5.4. Lessons Learned

After the review of numerous works that included variations of federated learning and Blockchain in the IoT environment, the following points summarize existing solutions:
  • Most of the found work focuses on applying federated learning with Blockchain with a disregard to applying methods to detect poisonous attacks.
  • We found that most work is reputation-based rather than noise-based to prevent the occurrence of poisonous attacks.
  • The application scope of federated learning and Blockchain integration heavily focused on industrial, medical, and communications area.

6. Conclusions and Future Directions

This paper presented a review of two leading technologies that are leveraged to enhance security and privacy. IoT devices applications include the sharing of massive raw data. Federated learning is integrated to provide intelligence to these low-level devices while preserving the privacy of data by only sharing the trained model. Traditional federated learning is centralized and suffers from security issues of untrusted clients.
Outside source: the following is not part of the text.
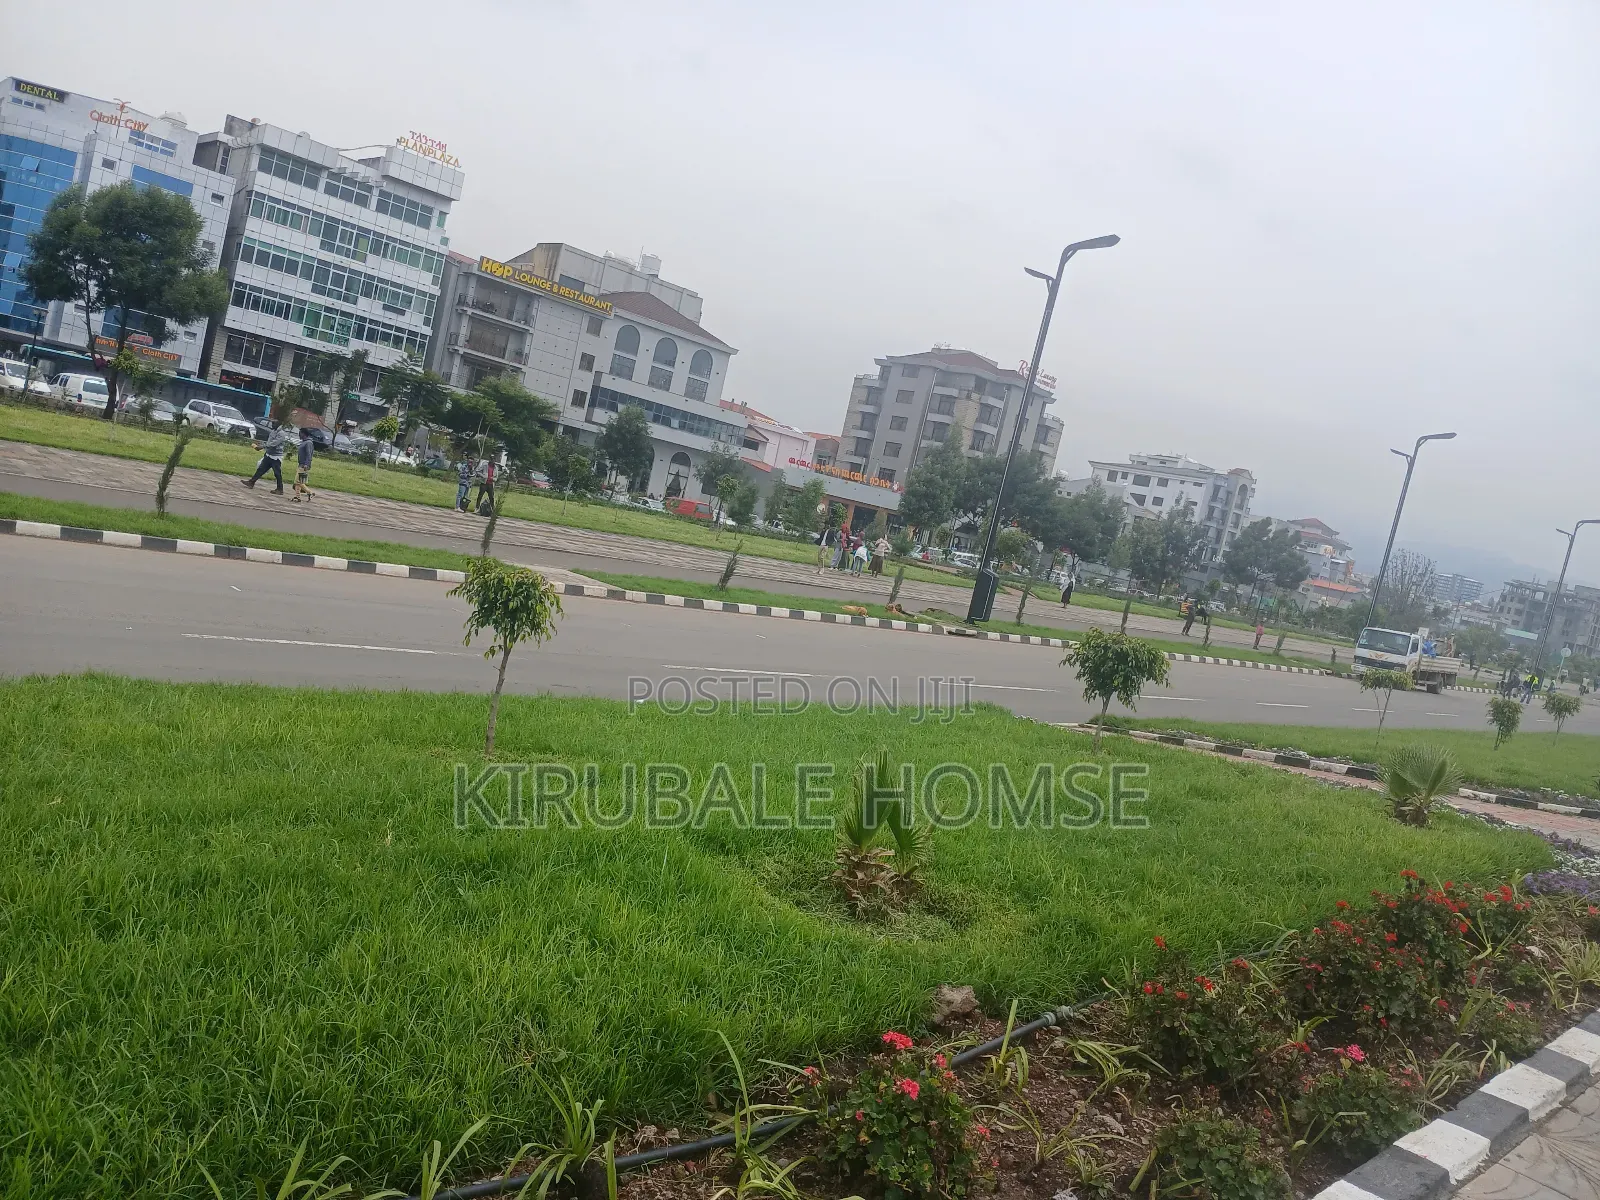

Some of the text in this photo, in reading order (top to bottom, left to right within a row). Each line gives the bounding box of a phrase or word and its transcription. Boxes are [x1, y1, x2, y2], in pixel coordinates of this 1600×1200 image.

The added layer of Blockchain integration resolved multiple issues of trust and security.
This paper reviewed the taxonomy of such integration while briefly describing the elements of each technology. After that, this paper discussed five main security and privacy concerns that the integration of federated learning, Blockchain, and IoT faces. By reviewing the existing literature, this paper compared and measured the integration scope and security and privacy considerations.
For future work, this survey concludes that the number of existing solutions that address poisoning attacks threats in federated learning and Blockchain integration is still scarce. Although federated learning is designed to protect the privacy of training data, there is still a need to guarantee the security and privacy of the training data. More work needs to be done to address issues of computational and resources limitation in edge devices. There are few existing solutions to address protection against dishonest participants’ attempts to poison and alter the shared training process. This paper aims to encourage future work to enhance the security and privacy of both technologies in an IoT environment.
Our basic aim when preparing this paper was to propose a short and accurate survey that focuses on the most relevant research work in IoT ecosystem data privacy preservation based on joining Blockchain to federated learning. We were motivated by regulations restricting data sharing and privacy concerns. The use of IT solutions in healthcare saves lives but also leads to several problems related, in particular, to the security aspect. Indeed, the poisoning of datasets as well as the falsification of decisions can cause false diagnoses affecting human life. This makes the execution protection of learning models sometimes more important than improving the techniques themselves. We believe that our paper will serve as a key reference for researchers interested in improving solutions based on mixing Blockchain and federated learning in IoT environments while preserving privacy. In the future, the tradeoff between Blockchain cost and the index of privacy preservation may be a hot topic of research. Certainly, a partial amount of data can be shared, and this will affect positively the output of machine-learning-based applications. Another improvement can focus on the clustering of FL clients who can share their data before the final aggregation with others.

Author Contributions

Conceptualization, M.A.A. and T.M.; methodology, M.A.A.; investigation, M.A.A.; resources, M.A.A.; data curation, M.A.A.; writing—original draft preparation, M.A.A.; writing—review and editing, T.M.; visualization, T.M.; supervision, T.M.; project administration, T.M.; funding acquisition, T.M. All authors have read and agreed to the published version of the manuscript.

Funding

This research was funded by Qassim University, represented by the Deanship of Scientific Research, grant number COC-2022-1-1-J-26046.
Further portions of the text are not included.